The University of Guam is punishing a professor for criticizing Gov. Lou Leon Guerrero. Dr. Ron McNinch, a political science expert and member of UOG’s public administration faculty, is fighting back and accusing UOG president Thomas Krise of an age-old-UOG practice: violating the free speech rights of members of the university community.
On October 24, 2022, Dr. McNinch sent an email to his students and copied the media to show solidarity with the students. The students had spent months coordinating the quadrennial Great Debates, a UOG tradition and public services to the voters of Guam since the gubernatorial election of 1994. It was, historically, the final debate before the general election for governor; that is, until Gov. Lou Leon Guerrero’s campaign pulled out of the event, and Mr. Krise pulled the plug on it.

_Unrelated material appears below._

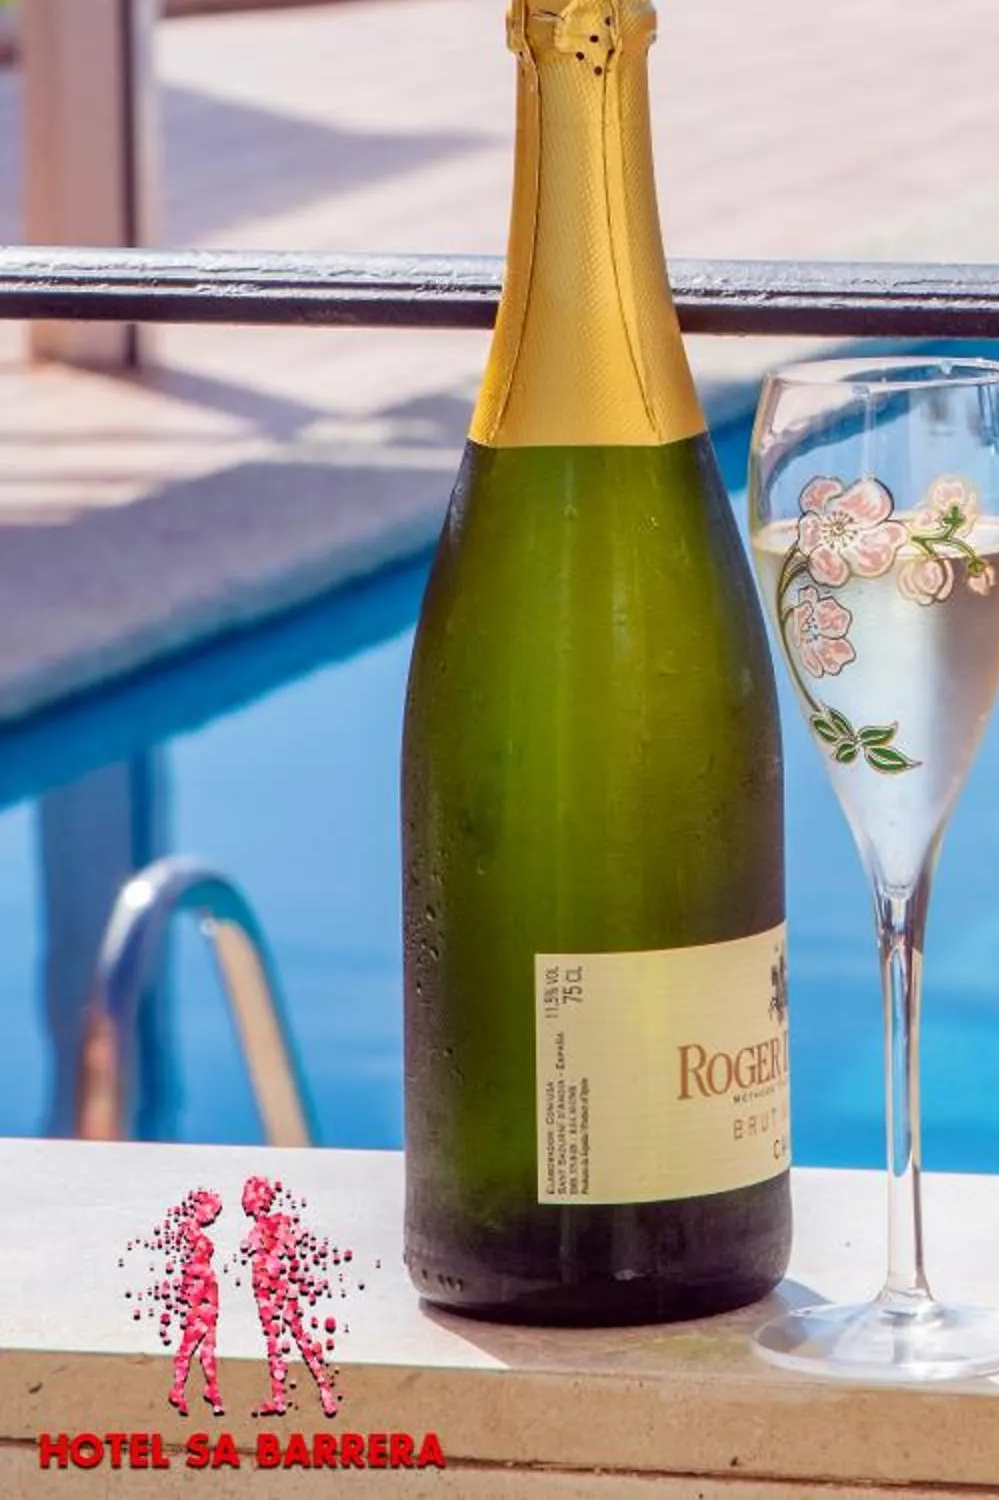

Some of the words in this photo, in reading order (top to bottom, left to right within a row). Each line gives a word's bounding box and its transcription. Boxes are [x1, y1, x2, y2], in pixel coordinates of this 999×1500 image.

Dr. McNinch, in response to the Leon Guerrero campaign and Mr. Krise, wrote to his students:
“Thank you so much for your efforts and the $20,000 you raised in car washes and research projects to fund the great debates. This is a major production.
“Do not fear. As Chair of Public Administration and Legal Studies, the Great Debate will occur and I, as chair, or other faculty members in our division will argue with appropriate zealousness, the side(s) that do(es) not appear. The voters of Guam deserve to have issues debated and argued. I can stand in for Felix Camacho or Lou Leon Guerrero, you know I will. I debate very well. Who ever does not show up will not win this election. It is just that simple. This is political calculus everyone can understand.
“This is reality. Let everyone else play politics. The Great Debate will go on! Do not play with the University of Guam and our students! Sincerely, Ron McNinch Chair.
“PS: May the team with the most votes win. If you don’t show up, you won’t win.”
Two days later, Mr. Krise wrote Dr. McNinch a “Notice of Alleged Inappropriate Behavior,” stating McNinch’s email to students and the media may have violated the university’s Faculty Union agreement, and its Rules, Regulations, and Procedures Manual.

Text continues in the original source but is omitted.